Verifying Your Set up

You possibly can confirm the core libraries are correctly put in by working:

from sentence_transformers import SentenceTransformer
import numpy as np
from wealthy import print

mannequin = SentenceTransformer('all-MiniLM-L6-v2')
print("Setting setup full!")

Word: The sentence-transformers library will routinely obtain the embedding mannequin on first use, which can take a couple of minutes relying in your web connection.


Want Assist Configuring Your Growth Setting?

Having hassle configuring your improvement atmosphere? Need entry to pre-configured Jupyter Notebooks working on Google Colab? Make sure to be a part of PyImageSearch College — you’ll be up and working with this tutorial in a matter of minutes.

All that mentioned, are you:

  • Quick on time?
  • Studying in your employer’s administratively locked system?
  • Desirous to skip the trouble of preventing with the command line, bundle managers, and digital environments?
  • Able to run the code instantly in your Home windows, macOS, or Linux system?

Then be a part of PyImageSearch College right now!

Achieve entry to Jupyter Notebooks for this tutorial and different PyImageSearch guides pre-configured to run on Google Colab’s ecosystem proper in your internet browser! No set up required.

And better of all, these Jupyter Notebooks will run on Home windows, macOS, and Linux!


Implementation Walkthrough: Configuration and Listing Setup

Your config.py file acts because the spine of this complete RAG collection.

It defines the place information lives, how fashions are loaded, and the way totally different pipeline parts (embeddings, indexes, prompts) discuss to one another.

Consider it as your challenge’s single supply of reality — modify paths or fashions right here, and each script downstream stays constant.


Setting Up Core Directories

from pathlib import Path
import os

BASE_DIR = Path(__file__).resolve().dad or mum.dad or mum
DATA_DIR = BASE_DIR / "information"
INPUT_DIR = DATA_DIR / "enter"
OUTPUT_DIR = DATA_DIR / "output"
INDEX_DIR = DATA_DIR / "indexes"
FIGURES_DIR = DATA_DIR / "figures"

Every fixed defines a key working folder.
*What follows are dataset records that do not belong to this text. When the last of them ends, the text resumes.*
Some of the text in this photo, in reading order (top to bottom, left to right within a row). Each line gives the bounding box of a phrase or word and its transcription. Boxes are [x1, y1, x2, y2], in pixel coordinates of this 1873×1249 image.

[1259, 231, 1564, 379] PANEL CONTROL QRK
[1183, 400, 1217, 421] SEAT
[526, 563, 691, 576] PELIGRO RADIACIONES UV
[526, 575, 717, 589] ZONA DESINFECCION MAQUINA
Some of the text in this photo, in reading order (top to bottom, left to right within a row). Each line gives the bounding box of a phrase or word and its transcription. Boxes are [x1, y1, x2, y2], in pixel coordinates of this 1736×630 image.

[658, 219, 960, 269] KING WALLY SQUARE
  • BASE_DIR: dynamically finds the challenge’s root, irrespective of the place you run the script from
  • DATA_DIR: teams all challenge information below one roof
  • INPUT_DIR: your supply textual content (corpus.txt) and non-obligatory metadata
  • OUTPUT_DIR: cached artifacts akin to embeddings and PCA (principal element evaluation) projections
  • INDEX_DIR: FAISS (Fb AI Similarity Search) indexes you’ll construct in Half 2
  • FIGURES_DIR: visualizations akin to 2D semantic plots

TIP: Centralizing all paths prevents complications later when switching between native, Colab, or AWS environments.


Corpus Configuration

_CORPUS_OVERRIDE = os.getenv("CORPUS_PATH")
_CORPUS_META_OVERRIDE = os.getenv("CORPUS_META_PATH")
CORPUS_PATH = Path(_CORPUS_OVERRIDE) if _CORPUS_OVERRIDE else INPUT_DIR / "corpus.txt"
CORPUS_META_PATH = Path(_CORPUS_META_OVERRIDE) if _CORPUS_META_OVERRIDE else INPUT_DIR / "corpus_metadata.json"
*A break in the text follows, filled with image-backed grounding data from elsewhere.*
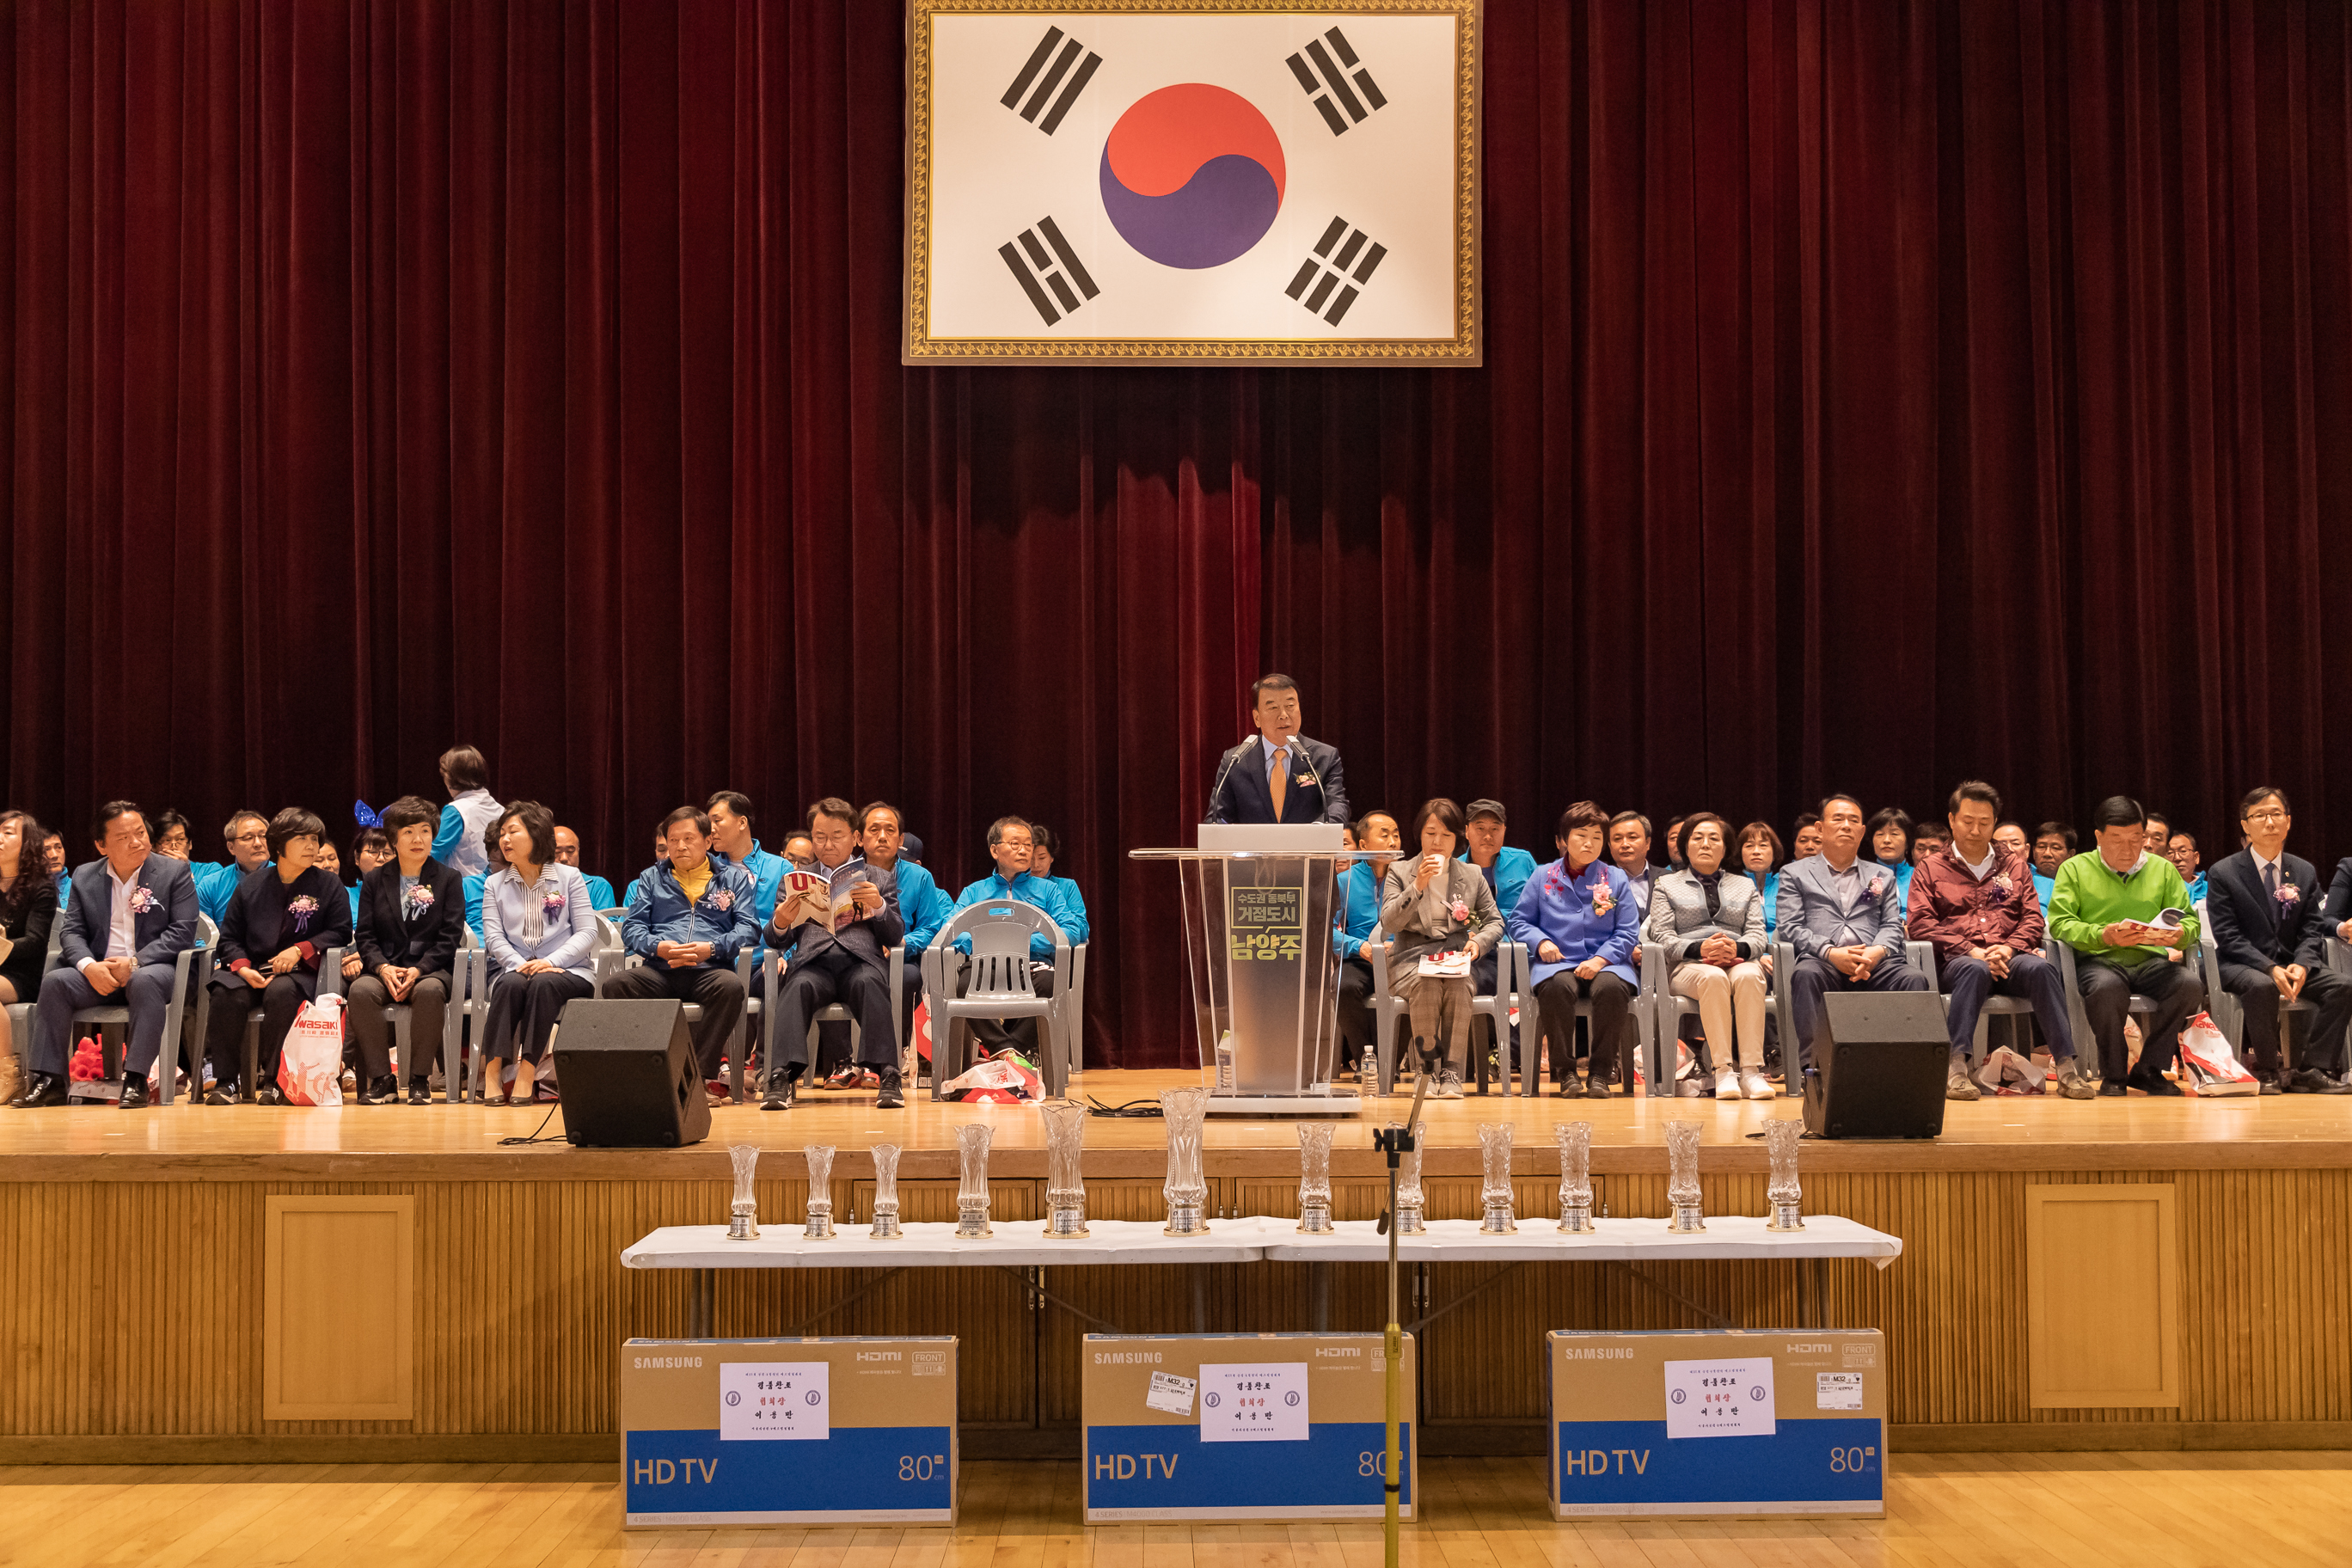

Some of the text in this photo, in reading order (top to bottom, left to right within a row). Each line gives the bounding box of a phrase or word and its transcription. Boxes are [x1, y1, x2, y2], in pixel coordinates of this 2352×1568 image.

[1237, 893, 1295, 903] 수도권 동북부
[1238, 906, 1295, 922] 거점도시
[1231, 934, 1302, 961] 남양주
[1315, 1347, 1361, 1357] HDMI
[1786, 1343, 1832, 1353] HDMI
[1845, 1345, 1872, 1354] FRONT
[856, 1351, 902, 1361] HDMI
[1094, 1351, 1162, 1364] SAMSUNG
[1565, 1347, 1634, 1360] SAMSUNG
[634, 1357, 702, 1369] SAMSUNG
[1167, 1377, 1181, 1386] M32
[760, 1397, 786, 1406] 협회장
[1240, 1398, 1265, 1407] 협회장
[1706, 1393, 1731, 1403] 협회장
[1358, 1450, 1386, 1477] 80
[1830, 1447, 1864, 1473] 80
[898, 1455, 933, 1481] 80
This allows you to override corpus recordsdata through atmosphere variables — helpful if you need to take a look at totally different datasets with out enhancing the code.

As an illustration:

export CORPUS_PATH=/mnt/information/new_corpus.txt

Now, all scripts routinely decide up that new file.


Embedding and Mannequin Artifacts

EMBEDDINGS_PATH = OUTPUT_DIR / "embeddings.npy"
METADATA_ALIGNED_PATH = OUTPUT_DIR / "metadata_aligned.json"
DIM_REDUCED_PATH = OUTPUT_DIR / "pca_2d.npy"
FLAT_INDEX_PATH = INDEX_DIR / "faiss_flat.index"
HNSW_INDEX_PATH = INDEX_DIR / "faiss_hnsw.index"
EMBED_MODEL_NAME = "sentence-transformers/all-MiniLM-L6-v2"

Right here, we outline the semantic artifacts this pipeline will create and reuse.

Desk 4: Key semantic artifacts generated and reused all through the embedding, indexing, and retrieval workflow.

Why all-MiniLM-L6-v2?

It’s light-weight (384 dimensions), quick, and prime quality for brief passages — excellent for demos.

Later, you’ll be able to simply exchange it with a multilingual or domain-specific mannequin by altering this single variable.


Common Settings

SEED = 42
DEFAULT_TOP_K = 5
SIM_THRESHOLD = 0.35

These constants management experiment repeatability and rating logic.

  • SEED: retains PCA and ANN reproducible
  • DEFAULT_TOP_K: units what number of neighbors to retrieve for queries
  • SIM_THRESHOLD: acts as a unfastened cutoff to disregard extraordinarily weak matches

Elective: Immediate Templates for RAG

Although not but utilized in Lesson 1, the config already prepares the RAG basis:

STRICT_SYSTEM_PROMPT = (
    "You're a concise assistant. Use ONLY the supplied context."
    " If the reply will not be contained verbatim or explicitly, say you have no idea."
)
SYNTHESIZING_SYSTEM_PROMPT = (
    "You're a concise assistant. Rely ONLY on the supplied context, however you MAY synthesize"
    " a solution by combining or paraphrasing the details current."
)
USER_QUESTION_TEMPLATE = "Consumer Query: {query}nAnswer:"
CONTEXT_HEADER = "Context:"

This anticipates how the retriever (vector database) will later feed context chunks right into a language mannequin.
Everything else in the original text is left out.